Source : commission des finances, à partir des données Chorus

Un montant inférieur à 5 % des crédits relève d'un BOP confié à l'administration centrale et recouvre notamment les aides aux organismes gestionnaires d'aires d'accueil pour les gens du voyage (ALT2), les dépenses du marché public « Hébergement d'urgence avec accompagnement social » (HUAS) et surtout, en 2020, la distribution de chèques services aux personnes en précarité pendant la crise sanitaire.

En Île-de-France, la majorité des crédits, soit 994,9 millions d'euros en 2020, sont confiés au BOP de la DRIHL, mais 20,7 millions d'euros ont relevé d'un BOP distinct, géré par la direction régionale de la cohésion sociale (DRCS), principalement pour le financement d'aides sociales (action 11 du programme 177).

d) Les associations et organismes ont dû mobiliser leur trésorerie pour passer le cap de 2020

Les crédits se sont révélés insuffisants dès le mois de septembre , alors que les difficultés n'apparaissaient habituellement qu'en toute fin d'année.

Selon une enquête menée a posteriori par la DGCS auprès des services déconcentrés, le montant des insuffisances de crédits constatées au 31 décembre 2020, malgré les ouvertures de crédits réalisées en troisième et en quatrième lois de finances rectificative, s'est élevé à 102,8 millions d'euros , attribués :

- à des dépenses exceptionnelles inhérentes à la crise sanitaire (veille sociale et hébergement d'urgence), à hauteur de 95,8 millions d'euros ;

- à des dépenses d'allocations et aides sociales pour 7,0 millions d'euros.

Il est d'ailleurs regrettable que, les autorisations d'engagement n'étant enregistrées que lors de la disponibilité des crédits de paiement, ces montants n'apparaissent pas dans les restes à payer suivis dans les documents budgétaires , alors qu'ils correspondent à des sommes dues par l'État 19 ( * ) .

Cette situation a mis l'ensemble des opérateurs dans une véritable insécurité sur l'exécution de leur budget.

Les associations et organismes qui mènent les actions sur le terrain ont ainsi signalé au rapporteur spécial qu'elles ont dû puiser dans leur trésorerie , sans avoir de visibilité sur les crédits dont elles pourraient bénéficier in fine dans le collectif de fin d'année.

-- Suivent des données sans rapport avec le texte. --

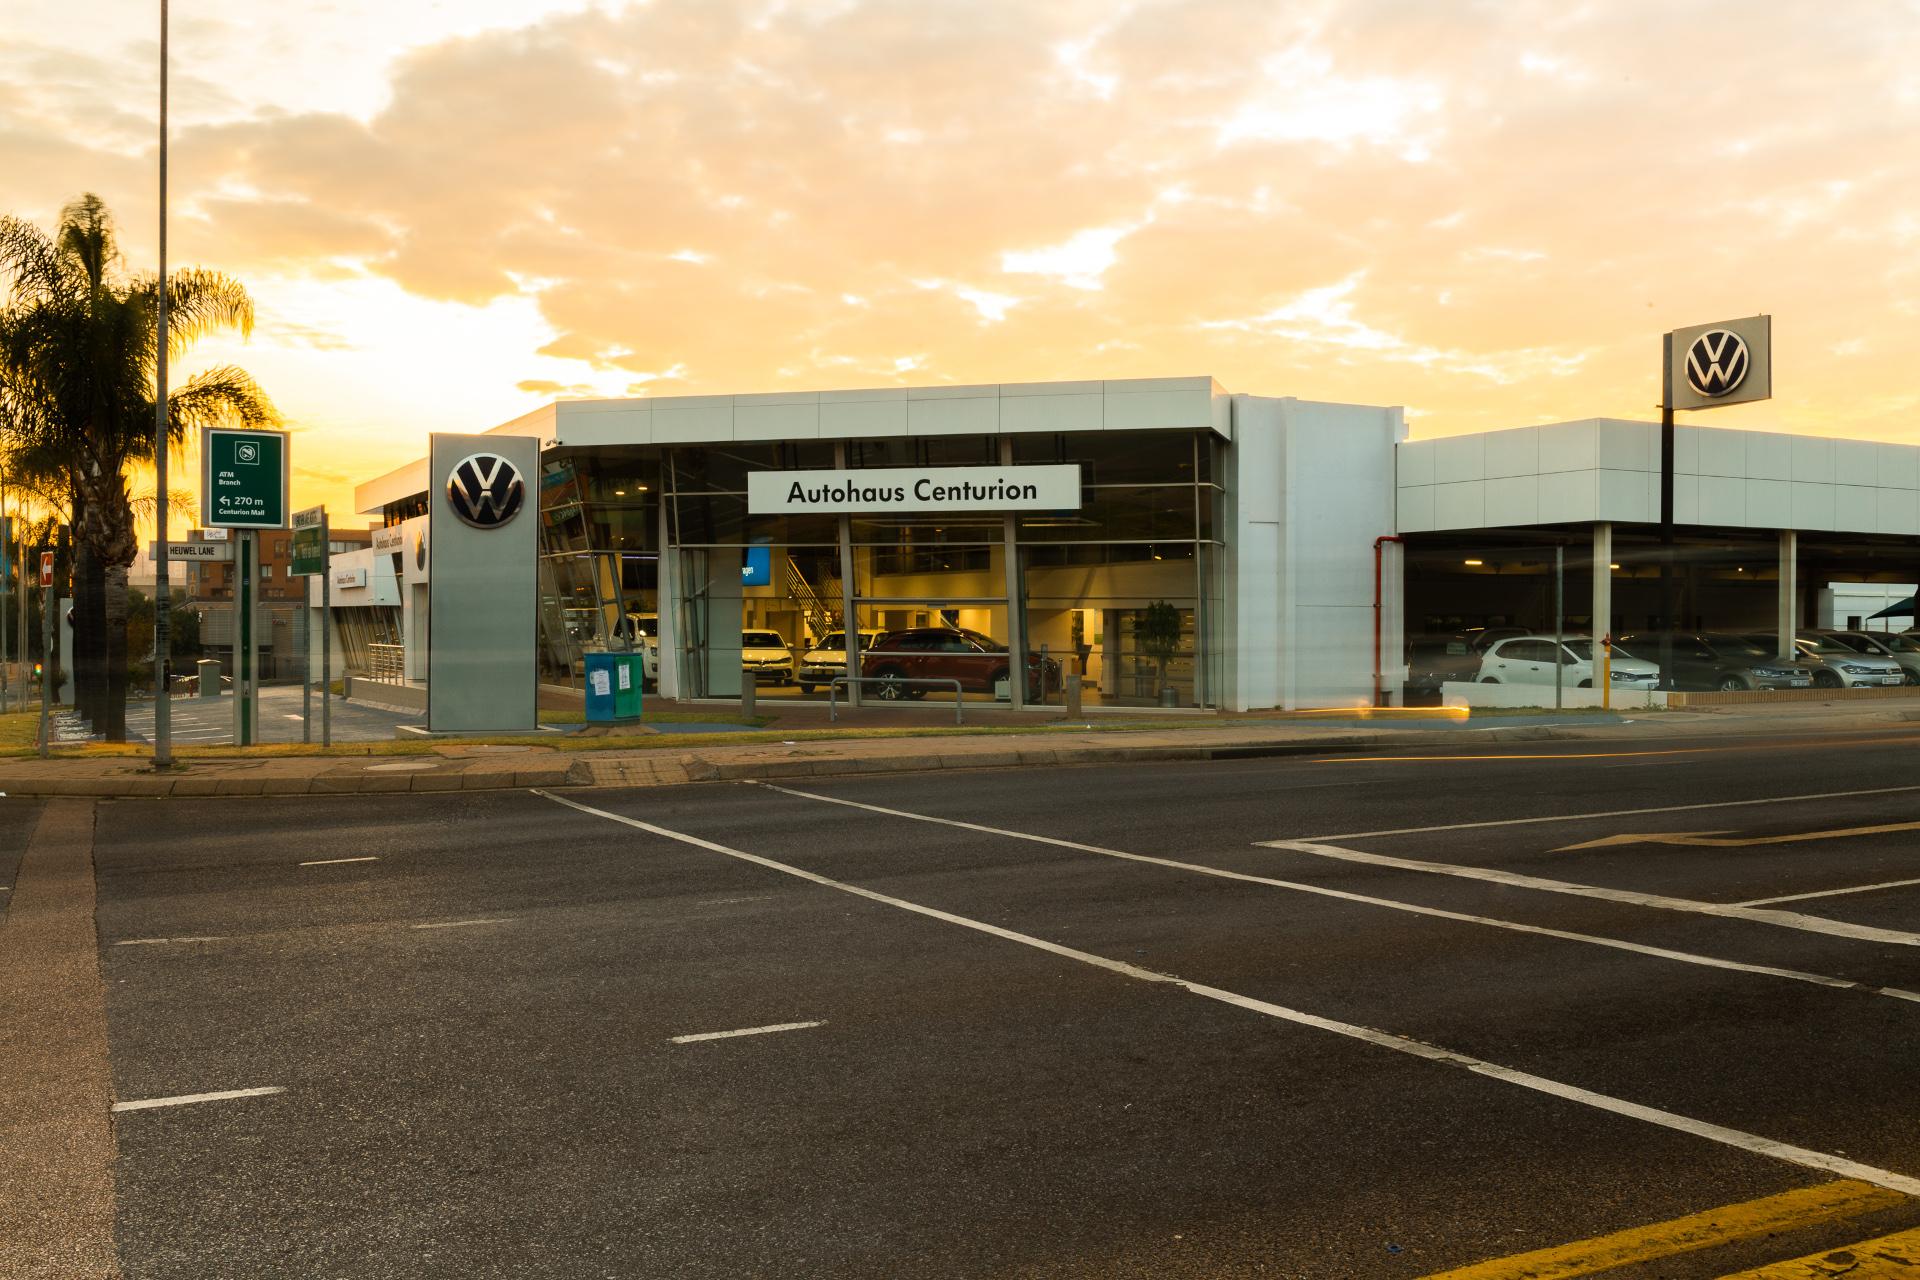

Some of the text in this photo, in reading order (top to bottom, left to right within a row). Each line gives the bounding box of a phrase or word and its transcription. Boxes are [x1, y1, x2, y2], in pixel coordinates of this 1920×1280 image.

[787, 478, 1037, 503] Autohaus Centurion
[234, 497, 263, 506] 270 m
[169, 546, 215, 556] HEUWEL LANE
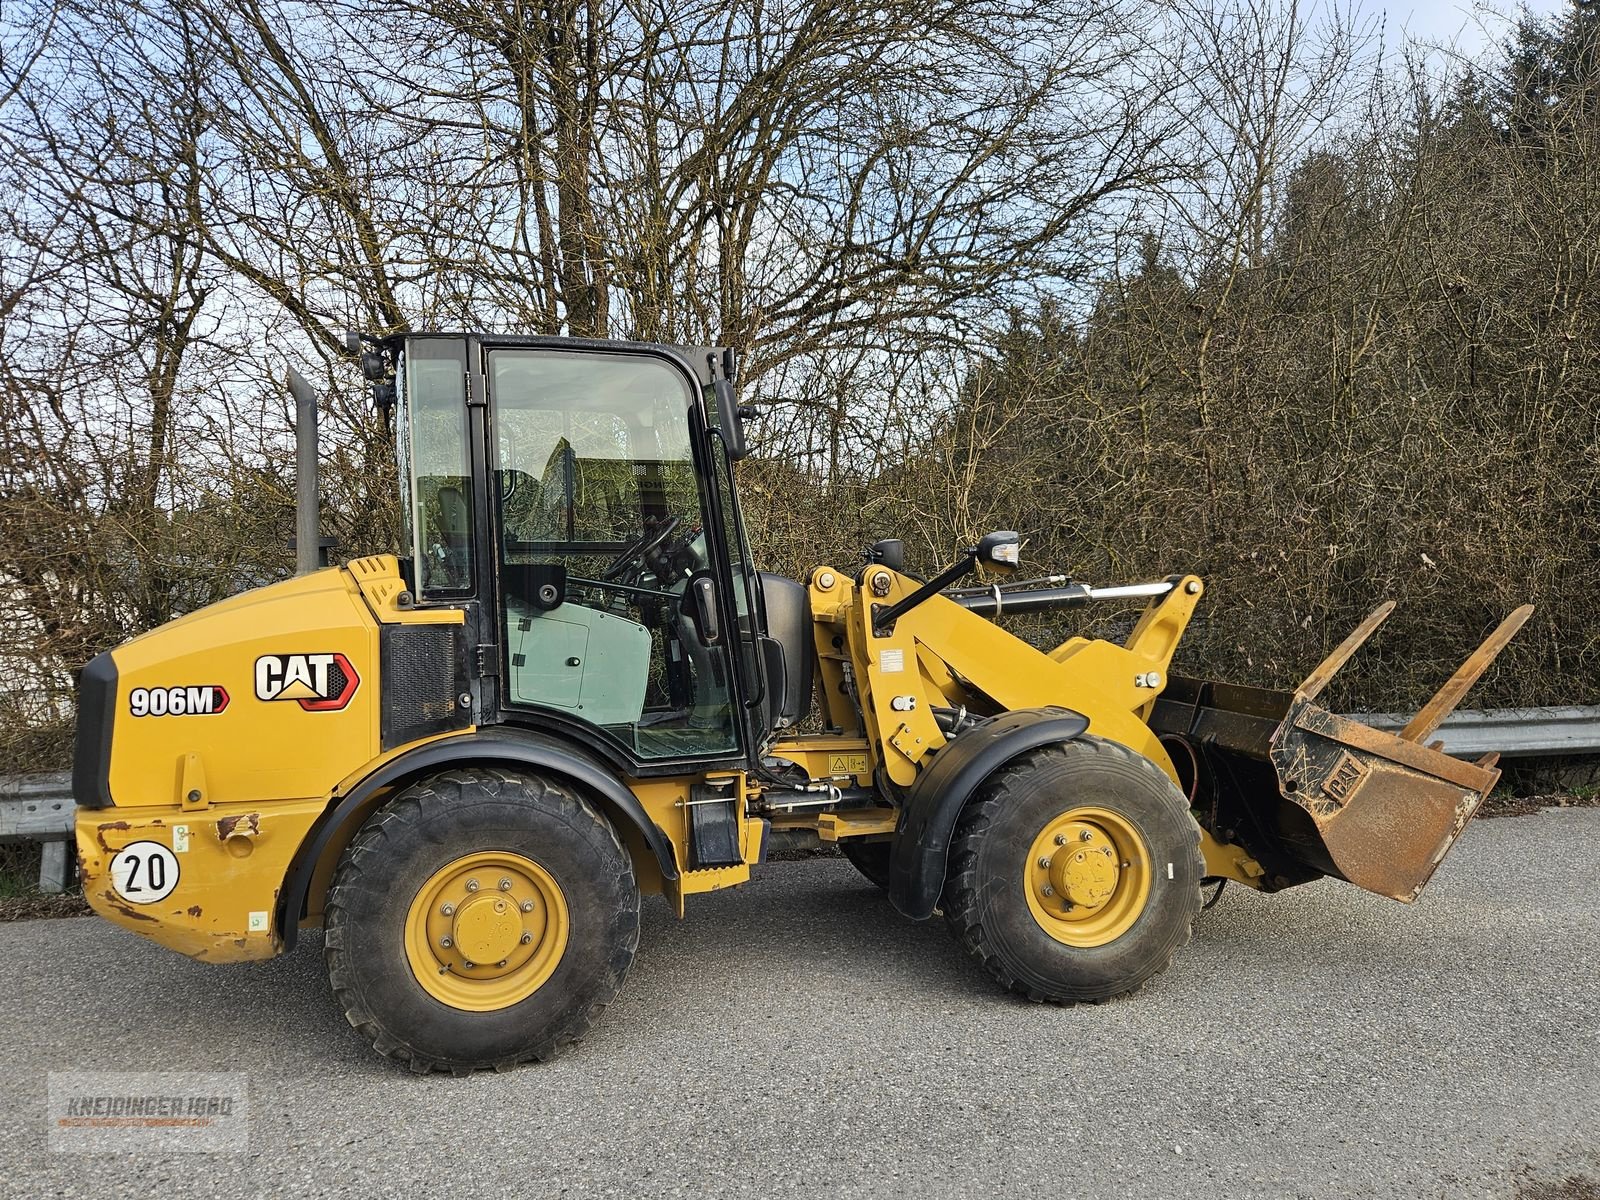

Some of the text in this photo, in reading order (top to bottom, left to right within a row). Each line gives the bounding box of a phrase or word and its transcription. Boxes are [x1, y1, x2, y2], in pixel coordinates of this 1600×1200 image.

La Croix-Rouge française a dû avancer 10 millions d'euros fin 2020. Quant au Samu social de Paris, il a emprunté 20 millions d'euros pour régler les réservations hôtelières de 2020 ; au début du mois de mars 2021, il n'avait toujours pas été remboursé.

Selon les administrations centrales, les crédits ont pourtant été versés aux directions régionales tôt dans l'année. Ainsi 63 % des autorisations d'engagement et des crédits de paiement ont-ils été mis à disposition des budgets opérationnels de programme (BOP) régionaux avant la fin janvier 2020 (contre 70 % en 2019 et moins de 15 % en 2018) et 71 % avant la fin juillet 2020 (contre 88 % en 2019 et 90 % en 2018).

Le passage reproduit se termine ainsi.